Oltre all’opening, Lana ospiterà anche uno spettacolo open air il 4 ottobre alle 10:30, in Tribusplatz. In prossimità della fontana il collettivo Off-Road, di cui è fondatrice anche la danzatrice Rebecca Dirler, originaria proprio di Lana, metterà in scena "Was übrig bleibt," una performance che si interroga sul nostra rapporto con l’acqua, una risorsa così importante e allo stesso tempo così scarsa, invitando a porci delle domande sul futuro del nostro pianeta e della società umana. Il rapporto con la natura, inteso anche come rapporto con il territorio e con le proprie radici è protagonista della particolare performance di Claudia Tomasi, che più che uno spettacolo è un’azione collettiva che prende corpo nell’atto di camminare. Sempre il 4 ottobre *Jeug-h partirà alle 13:00 dalla Funivia di Rablà: i partecipanti proseguiranno poi a piedi da Rio Lagundo a Monte San Vigilio. Il percorso sarà intervallato da momenti performativi, dove il pubblico sarà talvolta invitato ad ascoltare e osservare ed altre, se lo desidera, ad unirsi nella danza.

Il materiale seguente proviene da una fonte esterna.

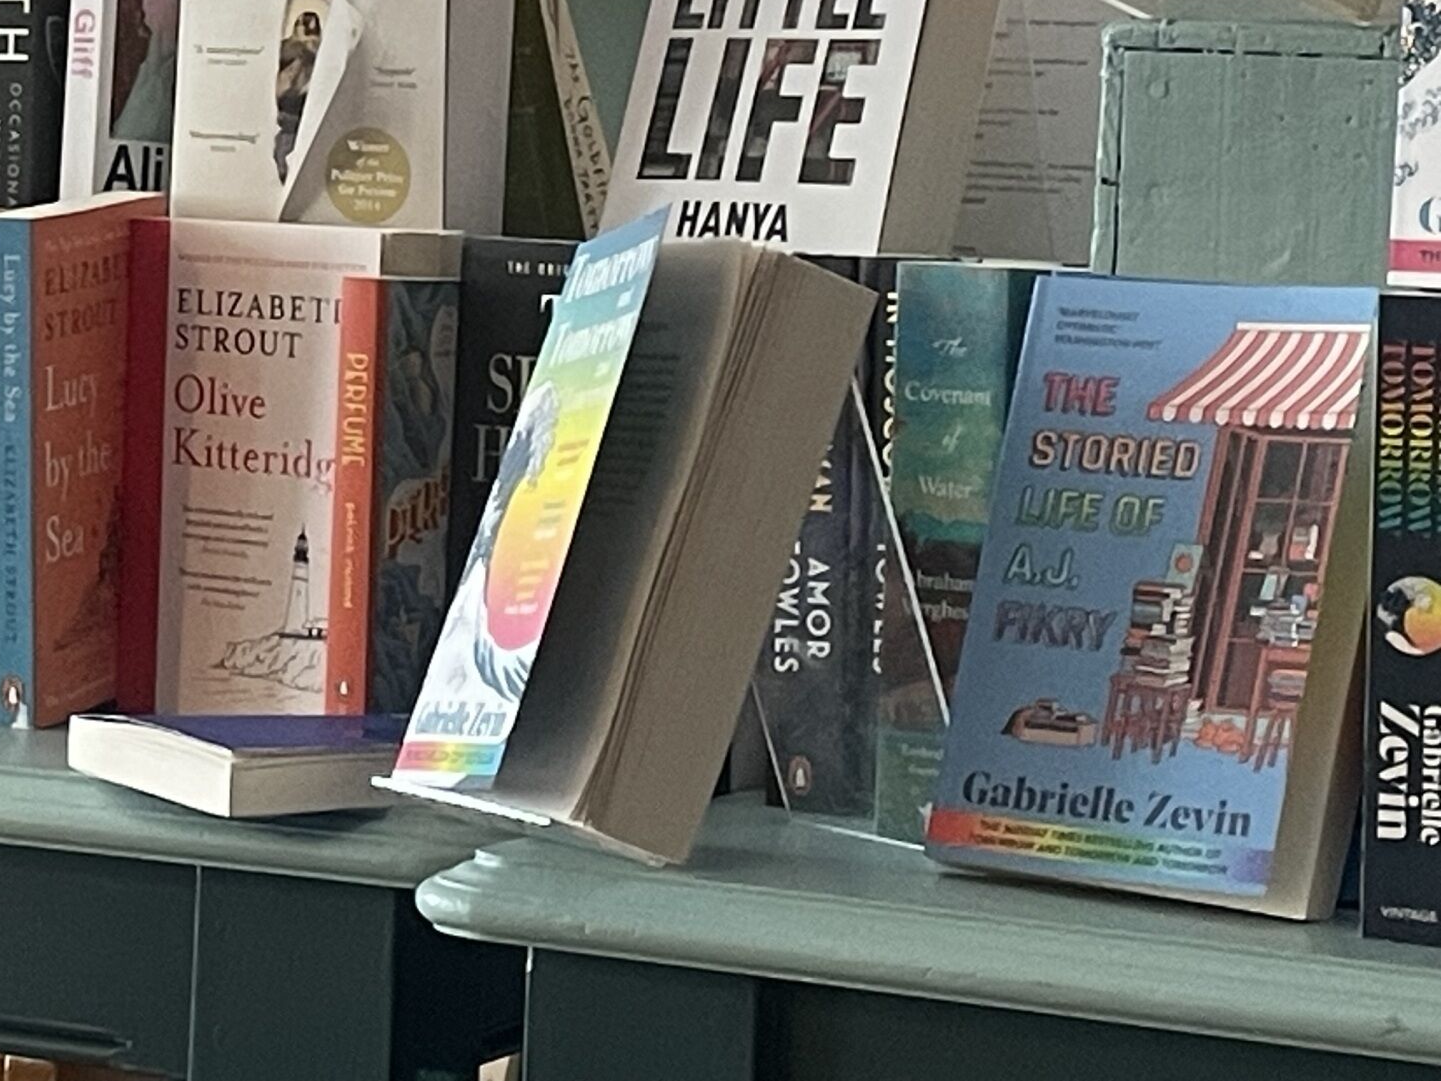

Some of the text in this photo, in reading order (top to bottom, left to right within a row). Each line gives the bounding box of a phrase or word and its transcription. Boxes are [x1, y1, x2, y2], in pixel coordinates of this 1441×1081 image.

[71, 8, 97, 80] Gliff
[636, 37, 882, 186] LIFE
[102, 144, 163, 192] Ali
[676, 200, 789, 243] HANYA
[2, 342, 21, 378] the
[175, 326, 302, 359] STROUT
[2, 383, 21, 423] Sea
[45, 365, 98, 414] Lucy
[174, 374, 266, 420] Olive
[342, 352, 369, 468] PERFUME
[905, 381, 992, 407] Covenant
[1044, 371, 1121, 417] THE
[45, 436, 112, 494] by the
[1030, 431, 1201, 480] STORIED
[918, 473, 974, 500] Water
[1020, 487, 1165, 535] LIFE OF
[45, 513, 85, 564] Sea
[1004, 544, 1080, 590] A.J.
[806, 556, 831, 661] AMOR
[993, 601, 1120, 652] FIKRY
[1376, 701, 1420, 840] Zevin
[962, 770, 1252, 838] Gabrielle Zevin
[1379, 903, 1437, 924] VINTAGE

Il 5 ottobre dalle 18:00, Alps Move sarà invece al Teatro Puccini di Merano, recentemente rinnovato e riportato alla sua antica bellezza. Qui si divideranno il palco Sabine Raffeiner e Francesca Ziviani con le loro produzioni. Raffeiner, coreografa e insegnante di danza meranese, lavorando con i danzatori Hugo Olagnon, Giulia Manica e Mirco Maccagnani, e con il videomaker Christian Lang, costruisce una performance ispirata ai cinque elementi e al loro ciclico ripresentarsi nei processi naturali e nell’esistenza umana. Ziviani invece, da tempo attiva in Francia come danzatrice e coreografa, prosegue con État Sauvage la sua esplorazione della natura più istintiva ed animale dell’essere umano.

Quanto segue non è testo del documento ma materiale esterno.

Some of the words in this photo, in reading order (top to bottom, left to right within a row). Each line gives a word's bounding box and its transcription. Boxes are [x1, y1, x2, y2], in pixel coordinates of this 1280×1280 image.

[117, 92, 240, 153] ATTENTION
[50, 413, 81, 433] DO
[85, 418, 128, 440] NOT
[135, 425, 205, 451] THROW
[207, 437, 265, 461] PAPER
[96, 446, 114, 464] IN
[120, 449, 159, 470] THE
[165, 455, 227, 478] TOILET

Il festival proseguirà poi anche a Bolzano con uno spettacolo che per la prima volta occupa il Museo di scienze naturali dell’Alto Adige, il 10 ottobre alle 19:00 ed in replica alle 20:30, grazie alla preziosa collaborazione dell’istituzione museale, ed una seconda serata al Teatro Comunale di Gries il 12 ottobre alle 18:00. Tanti gli artisti invitati: Marion Sparber, Stefania Bertola, Santija Bieza, Vanessa Morandell e Magda Giraldoni, Margherita dello Sbarba ed infine Elisabeth Ramoser.
Alps Move chiuderà all’Astra di Bressanone il 18 ottobre alle 20:00, con le danzatrici Rixa Rottonara, Sarah Merler e Miriam Plank. Ma la rassegna non finisce qui, perché quest’anno per la prima volta include una collaborazione con il piccolo festival di contact improvisation Dolomite Flow, organizzato da Birgit Krejci, con la presenza dell’insegnante di fama internazionale Kira Kirsch.
Tutti i dettagli del programma sono disponibili sul sito (Qui info). I biglietti per gli spettacoli a pagamento sono acquistabili presso le casse del Teatro Comunale di Bolzano oppure un’ora prima degli spettacoli alla cassa serale.